Thank you, Mr. Chair, and thank you to the members of the committee for having us.
My name is David Caron. I am the president of the Ontario Book Publishers Organization. I'm also president and co-publisher at ECW Press here in Toronto.
Also here is Holly Kent, executive director of the OBPO.
We represent more than 40 Ontario-based, Canadian-owned book publishers, companies that provide the risk capital and the creative partnerships to publish and print audio and digital for hundreds of Canadian authors every year in all genres to readers around the world.
Copyright is at the heart of our businesses and at the heart of our relationships with our authors, and those have been damaged by the Copyright Modernization Act. You've heard in general the kind of effect the act has had. I want to tell you some specific stories about publishers in Ontario.
I have a publisher from southwestern Ontario who has seen a loss of $50,000 per year in revenue and has been forced to develop scholarly books for the American market in order to survive as a business.
I have a publisher in Toronto who saw a loss of $90,000 per year and whose author walked into a classroom where they were studying her Governor General's award-winning novel, but all the copies were photocopied without compensation.
I have a university-based publisher who has seen a drop of $65,000 per year in revenue because the institutions it works with believed that one library copy equals unlimited course use.
I have a literary publisher who has lost $39,000 per year in sales, a sizable chunk of its annual revenue; a legal publisher who is now missing $55,000 of its sales; and a children's publisher who has seen a decrease of $195,000 per year.
In our own case at ECW, I can tell you that we've lost $102,000 per year in educational course adoption revenue on average versus our loss last year, which was $28,000. In other words, that revenue made the difference between being in the red and our profitability.

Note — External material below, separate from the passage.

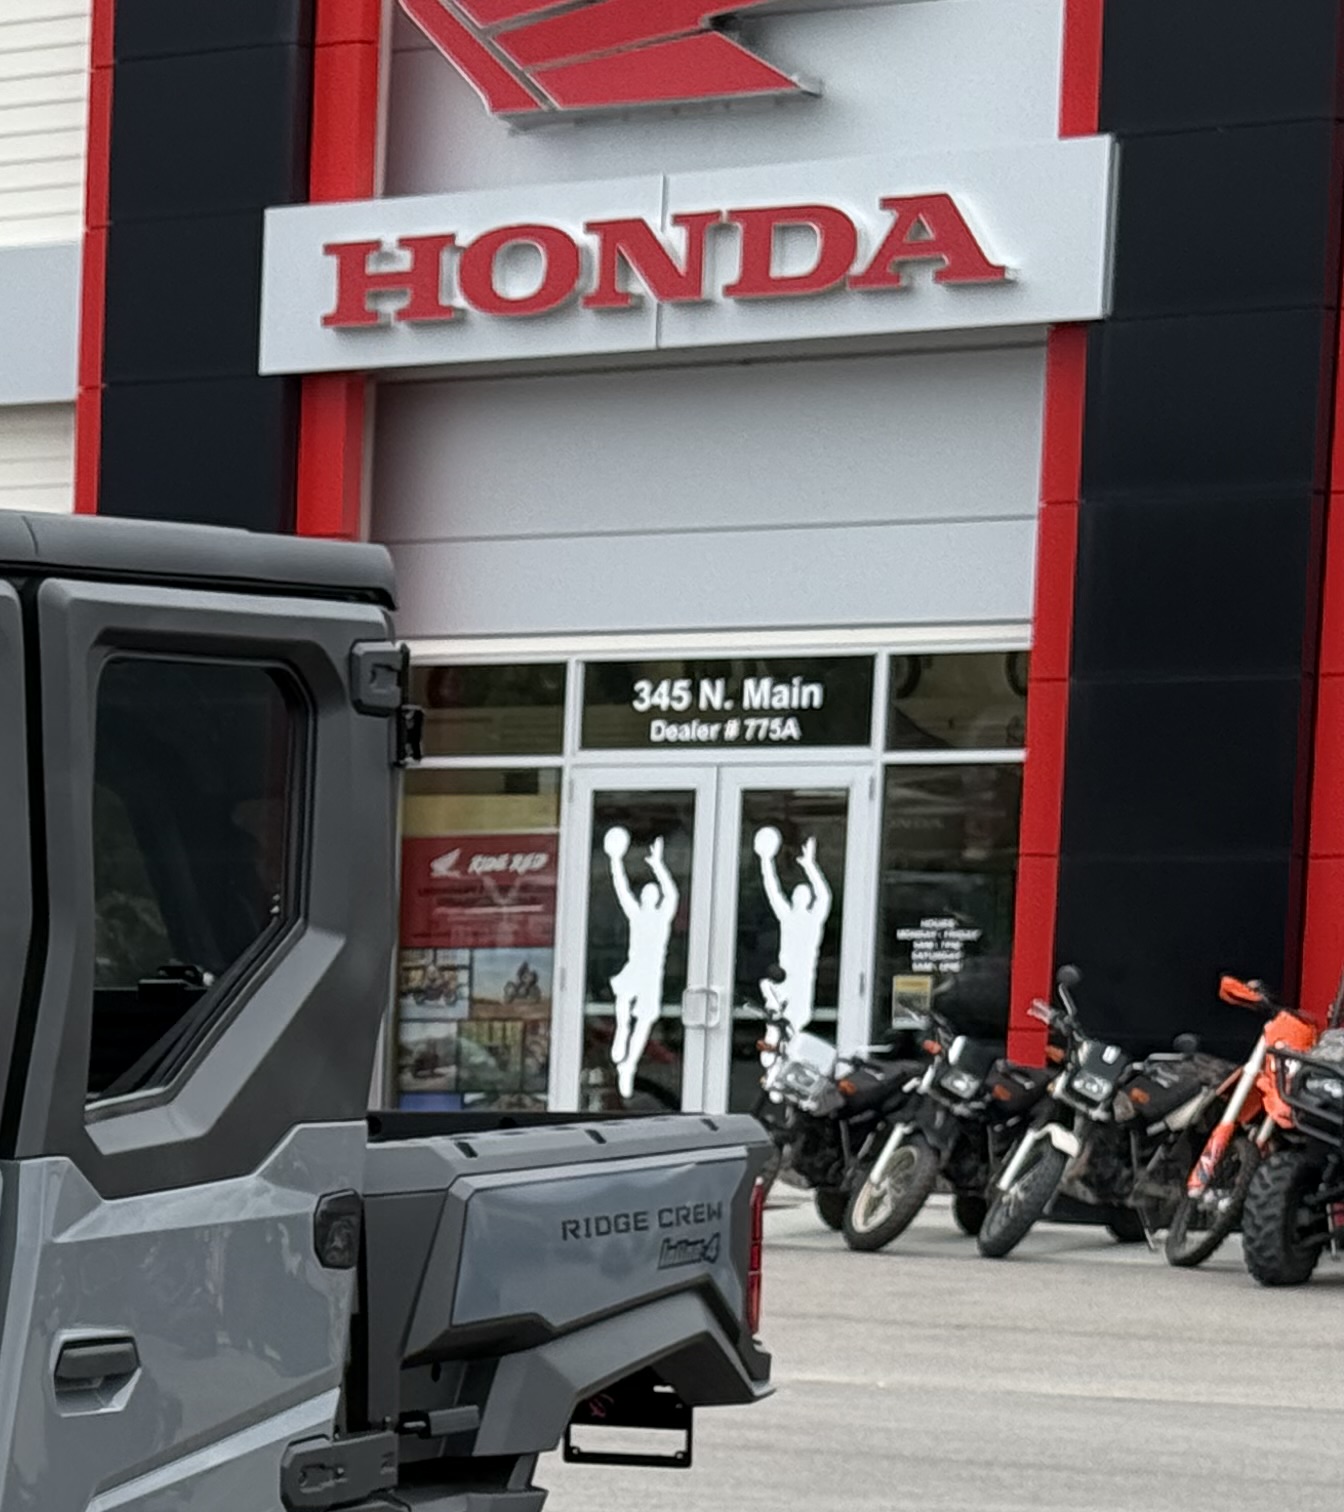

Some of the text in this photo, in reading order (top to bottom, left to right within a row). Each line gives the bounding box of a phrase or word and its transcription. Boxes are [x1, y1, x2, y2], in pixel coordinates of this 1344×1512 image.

[321, 192, 1014, 328] HONDA
[632, 675, 824, 712] 345 N. Main
[649, 716, 802, 742] Dealer # 775A
[561, 1201, 724, 1241] RIDGE CREW

There are similar stories across our membership, and I don't want to go into all of them, but you get the picture.
It's not just the fact that the direct revenue through Access Copyright from educational institutions has dropped by almost 90%; it's that the private companies that service those institutions, specifically companies that offer digital content subscriptions and that used to carry our material, have now stopped paying for that content. A significant portion of our revenue, half of it in the case of our company, would have been paid out to our authors, so not only do we lose, but our authors lose as well.
A study by PricewaterhouseCoopers concludes that $30 million in licensing revenue alone has been lost, not to mention additional losses from book purchases, because educational institutions opt for free copying rather than buying books.
The Writers' Union of Canada reported that 80% of authors' revenue from educational use has disappeared.
As a publisher, if I use an author's work in another book, I can only use the minimum that I need in order to discuss that writing. Even then, I cannot use an amount that would affect the commercial value of that writing. I cannot affect the revenue of the original book. That is fair dealing for us. Yet clearly from our examples, the educational copying without compensation has affected the revenue of copyright holders.
The facts of unclear copying have been tested in the Federal Court through the York University case and have come before the Copyright Board. The interpretation of the Copyright Modernization Act by Canada's schools, colleges, and universities has created a perception of free access that goes beyond those legal limits and has created significant damage for Ontario publishers and the authors with whom they partner.
We ask that you clarify fair dealing for education and end unfair copying; promote a return to collective licensing in the education sector—there exists a reasonable means to negotiate a fair price between institutions and the creative sector—increase statutory damages to discourage systemic infringement; and ensure that we meet our international treaty obligations.
As Ontario publishers, we are ready to look at systems that provide copyrighted materials in digital, audio, and print media searchable by educators. The OBPO is involved even now in an online project to make it much easier for educators to access learning resources for our books. Fair payment for the intellectual property used in our classrooms is not only right and relatively cheap—as you've heard, it costs only a few dollars—it also invests in our future as a nation.
Our copyright-reliant professionals and industry should be growing. They should not be shrinking. They should be contributing to our nation, not looking to produce outside our borders. Students should be seeing that they could make a living in the creative and copyright-reliant professions, not that such pursuits are deemed worthless.
Thank you. I welcome your questions.